↓
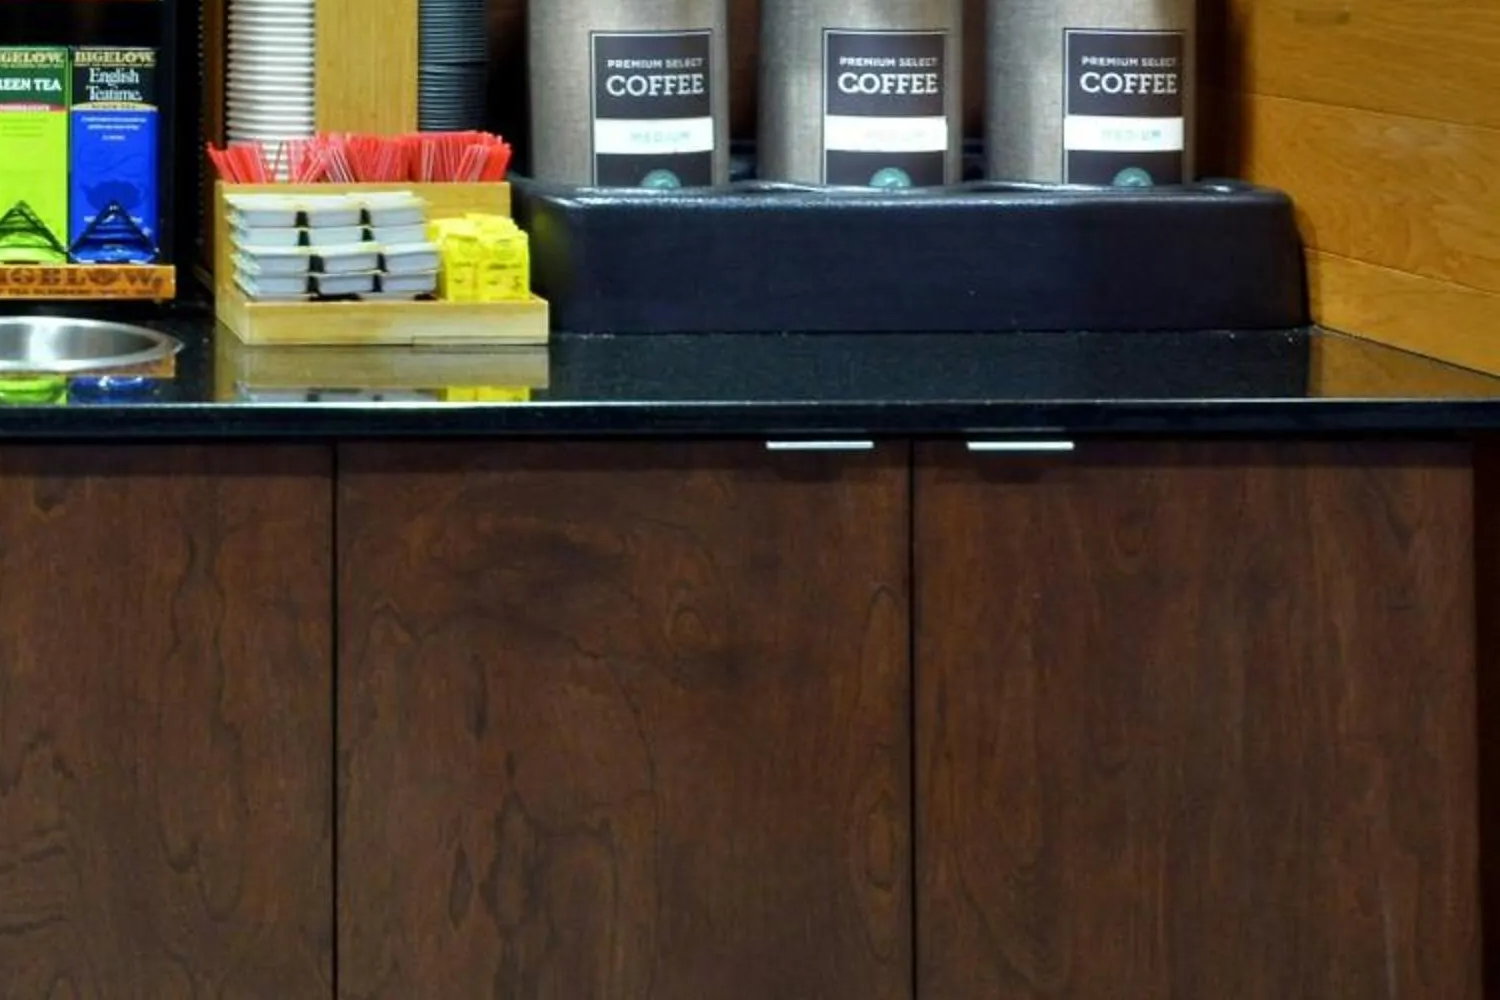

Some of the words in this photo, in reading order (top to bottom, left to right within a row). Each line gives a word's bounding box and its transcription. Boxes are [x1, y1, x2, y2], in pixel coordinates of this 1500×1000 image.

[607, 59, 662, 69] PREMIUM
[665, 57, 704, 69] SELECT
[839, 56, 895, 67] PREMIUM
[899, 57, 938, 67] SELECT
[1081, 55, 1138, 67] PREMIUM
[1141, 56, 1176, 67] SELECT
[34, 77, 62, 91] TEA
[89, 67, 139, 87] English
[605, 73, 704, 96] COFFEE
[837, 72, 939, 94] COFFEE
[1080, 71, 1177, 94] COFFEE
[85, 85, 140, 101] Teatime
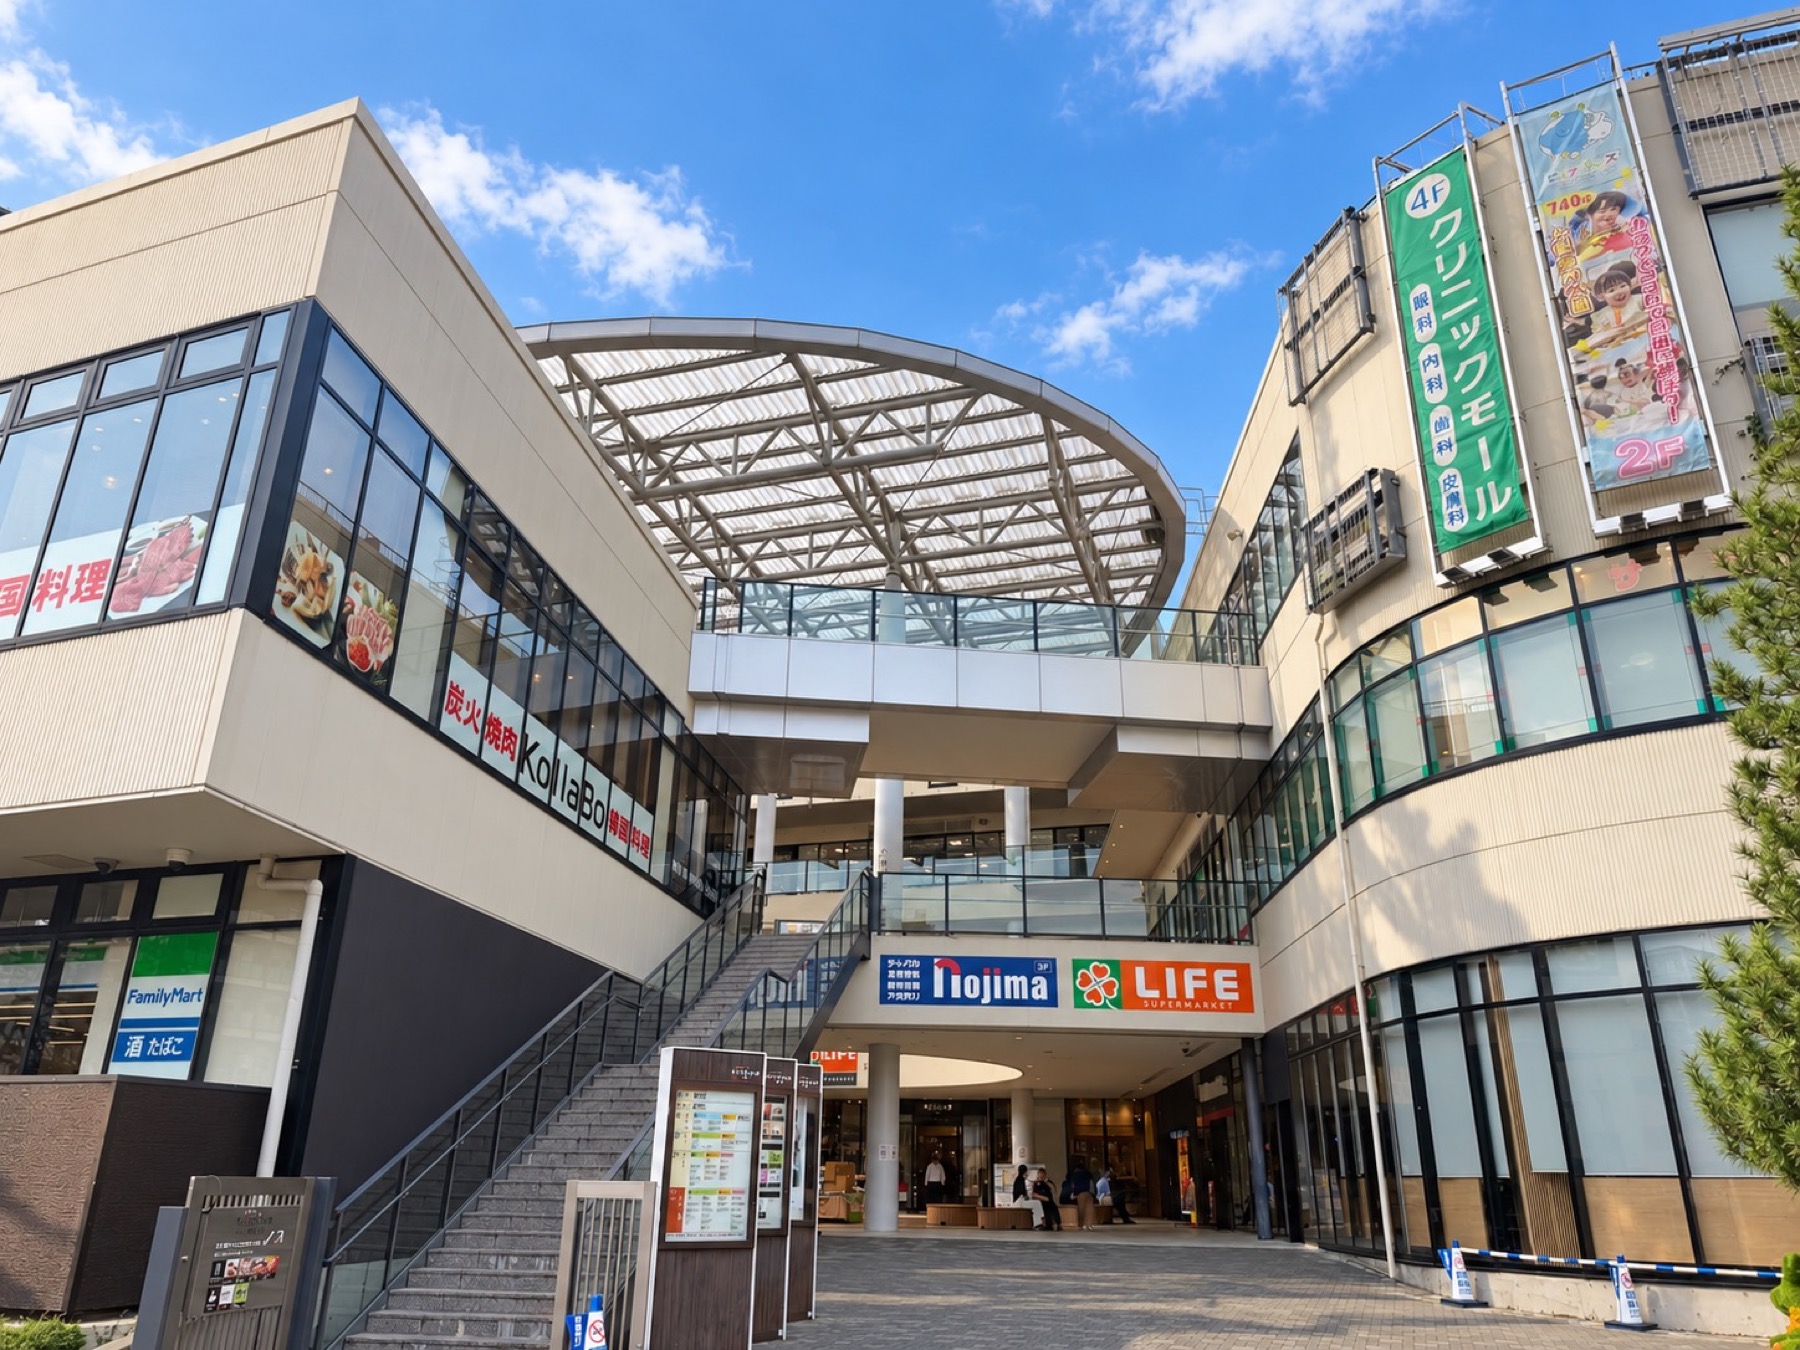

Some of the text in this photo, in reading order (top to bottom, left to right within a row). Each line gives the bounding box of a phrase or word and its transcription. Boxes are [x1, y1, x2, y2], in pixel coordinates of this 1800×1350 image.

[1411, 179, 1447, 212] 4F
[1422, 353, 1443, 394] 内科
[1429, 207, 1513, 522] クリニックモール
[1615, 434, 1685, 480] 2F
[519, 731, 606, 830] KollaBo
[127, 986, 204, 1008] FamilyMart
[1134, 966, 1240, 1001] LIFE
[1143, 999, 1234, 1010] SUPERMARKET
[124, 1034, 185, 1058] 酒 たばこ
↑
▶ [Task prompt]:
Extract exactly the lines between the line containing "Some of the text" and the end of the data, including both.

▶ [Solution to this exercise]:
Some of the text in this photo, in reading order (top to bottom, left to right within a row). Each line gives the bounding box of a phrase or word and its transcription. Boxes are [x1, y1, x2, y2], in pixel coordinates of this 1800×1350 image.

[1411, 179, 1447, 212] 4F
[1422, 353, 1443, 394] 内科
[1429, 207, 1513, 522] クリニックモール
[1615, 434, 1685, 480] 2F
[519, 731, 606, 830] KollaBo
[127, 986, 204, 1008] FamilyMart
[1134, 966, 1240, 1001] LIFE
[1143, 999, 1234, 1010] SUPERMARKET
[124, 1034, 185, 1058] 酒 たばこ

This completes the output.